Book Review // Death Comes as the End ⭐⭐⭐⭐

Book Name: Death Comes as the End
Author: Agatha Christie

Synopsis:
Set in ancient Egypt, newly widowed Renisenb returns to her father’s household to find him newly married to Nofret, whose presence disrupts the equilibrium of the existing members of the house. Death comes quickly, followed by more death. Renisenb races to find the killer before she herself becomes the next victim.

Review: 4/5 ⭐
One of the greatest mystery writers of all time, I’d have to say this is one of Agatha Christie’s books I have enjoyed more. Others include And Then There Were None and Crooked House. I think you can guess who the killer is fairly early on (and if not, then through the sheer process of elimination). However, what Christie does well is characterisation, and here she does it masterfully.

Each character has depths to them. Each one has a secret face. When we meet Renisenb, she is a naive young woman who believes she sees those in her family clearly. She thinks she understands their natures, saying to herself frequently, that though she has been gone many years, nothing has changed.

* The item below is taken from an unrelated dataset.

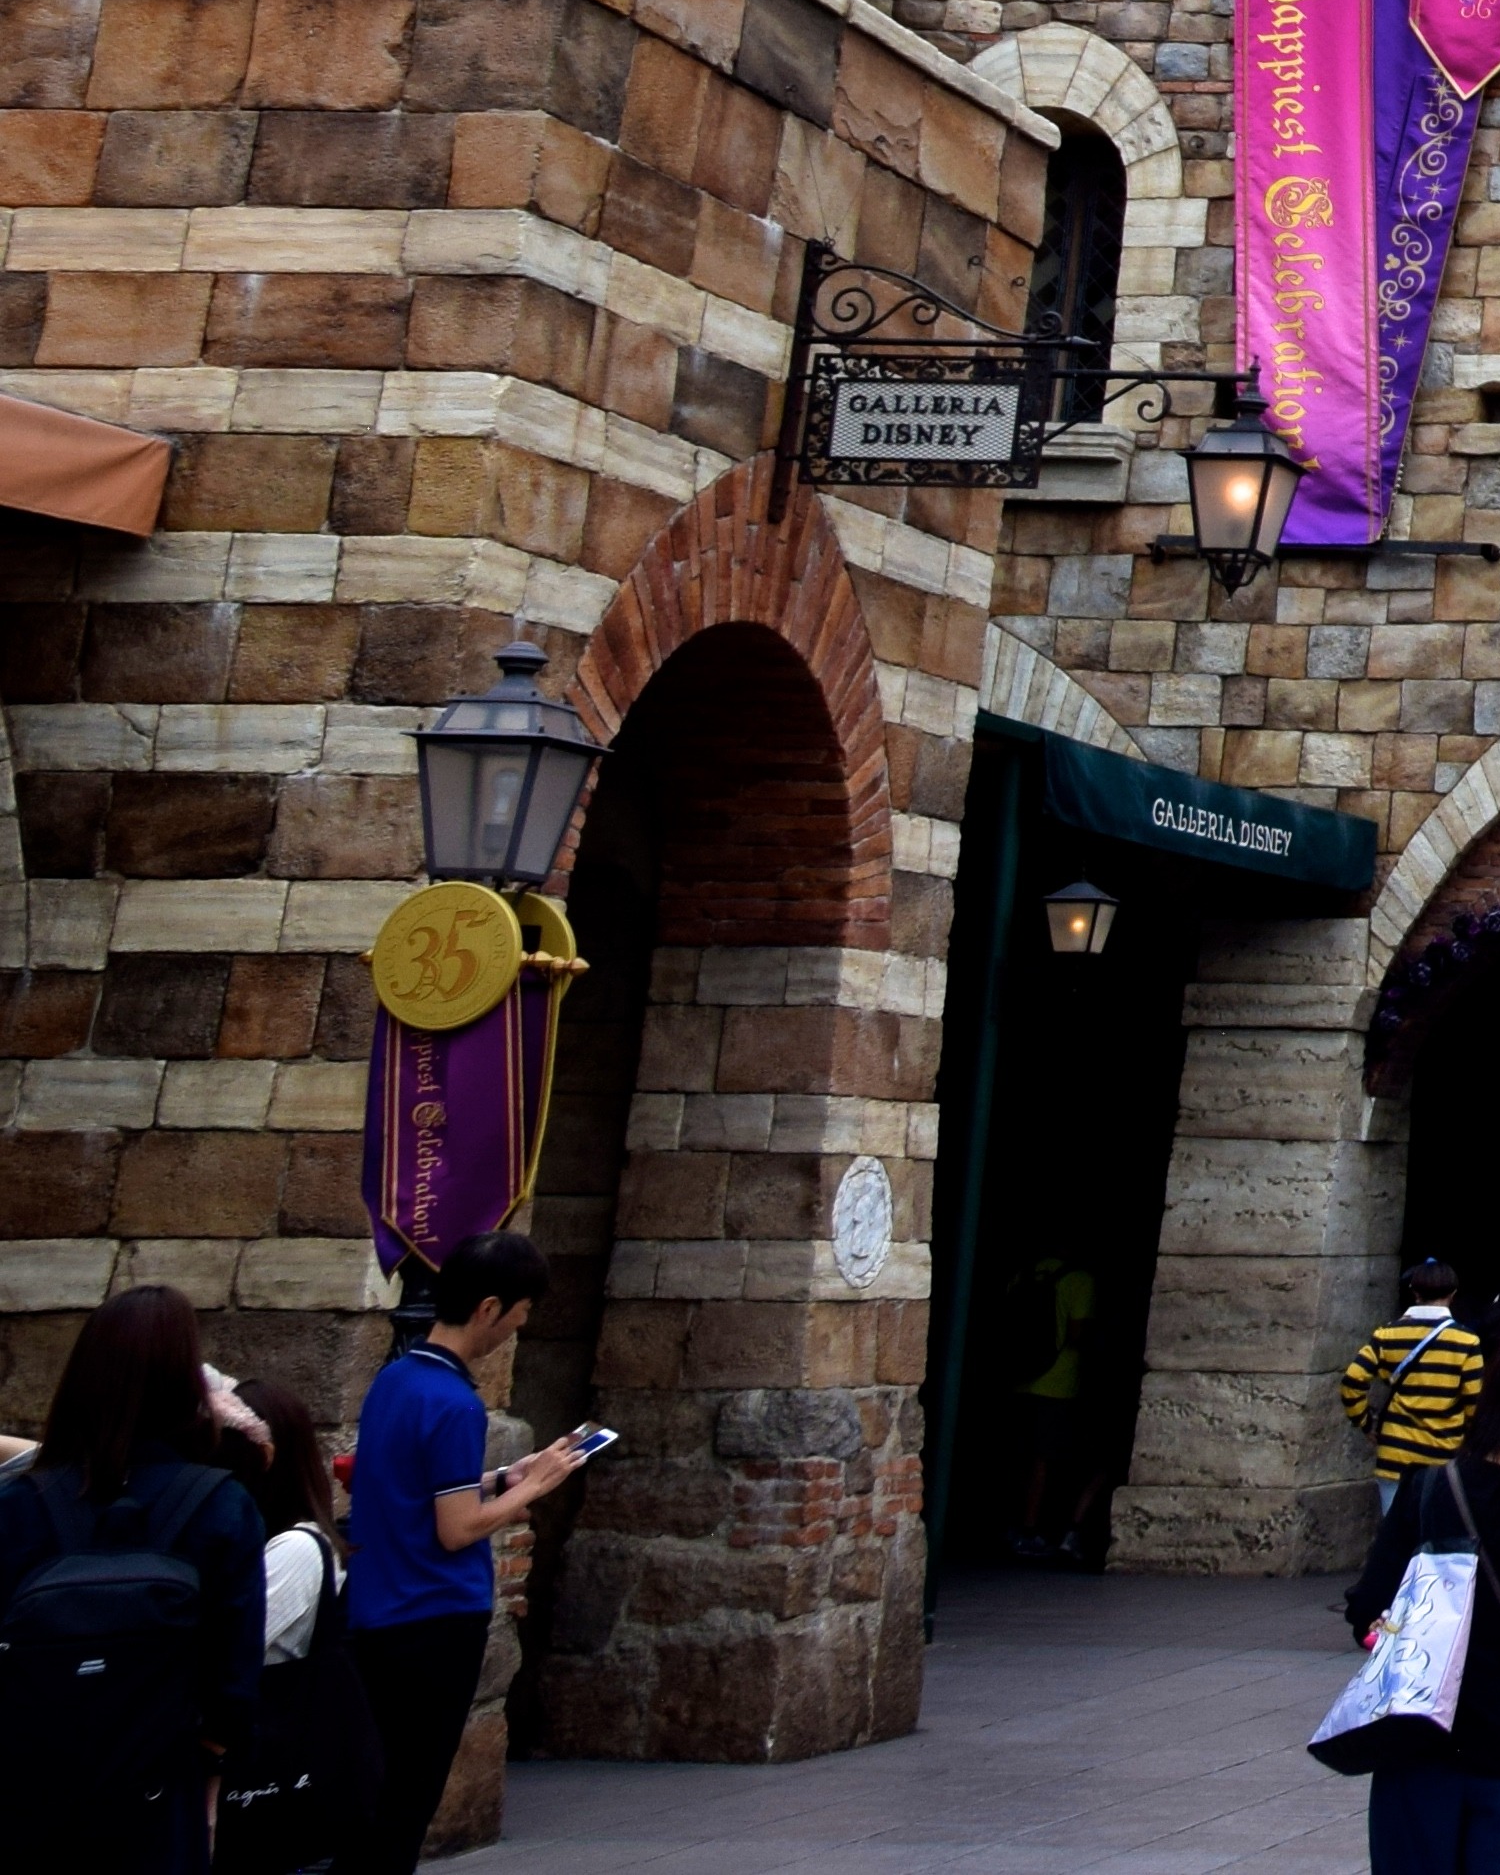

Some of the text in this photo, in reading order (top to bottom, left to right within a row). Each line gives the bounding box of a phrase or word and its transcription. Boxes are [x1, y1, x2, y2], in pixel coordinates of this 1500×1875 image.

[849, 394, 1005, 416] GALLERIA
[861, 422, 984, 446] DISNEY
[1152, 797, 1293, 857] GALLERIA DISNEY
[389, 908, 497, 1002] 35

Nofret’s arrival changes everything. Renisenb finds herself thrown off-guard by the characters of those she thought she knew so well, as she soon learns: no one is as they seem. Uncertainty and fear prevail as a result. People turn on each other in suspicion. This trope isn’t new, but Christie does it so very well.

This story is ultimately one about people’s true natures being revealed through circumstance. It raises the question: do we ever truly know someone? And how terrifying is it to entertain the notion that such knowledge is, in fact, impossible?


Quotes

“There is an evil that comes from outside, that attacks so that all the world can see, but there is another kind of rottenness that breeds from within—that shows no outward sign. It grows slowly, day by day, till at last the whole fruit is rotten—eaten away by disease.”

Hori

Who can tell what goes on in the human heart?

Renisenb

“No one, Renisenb, knows anyone else. Let me tell you that yet once more.”

Hori

“All life is a jest, Imhotep—and it is death who laughs last. Do you not hear it at every feast? Eat, drink and be merry for tomorrow you die? Well, that is very true for us here—it is a question only of whose death will come tomorrow.”

Esa

Hate in one face. Love in the other. Which, she wondered, was the more terrible?

Renisenb

It may be that there must always be growth—and that if one does not grow kinder and wiser and greater, then the growth must be the other way, fostering the evil things.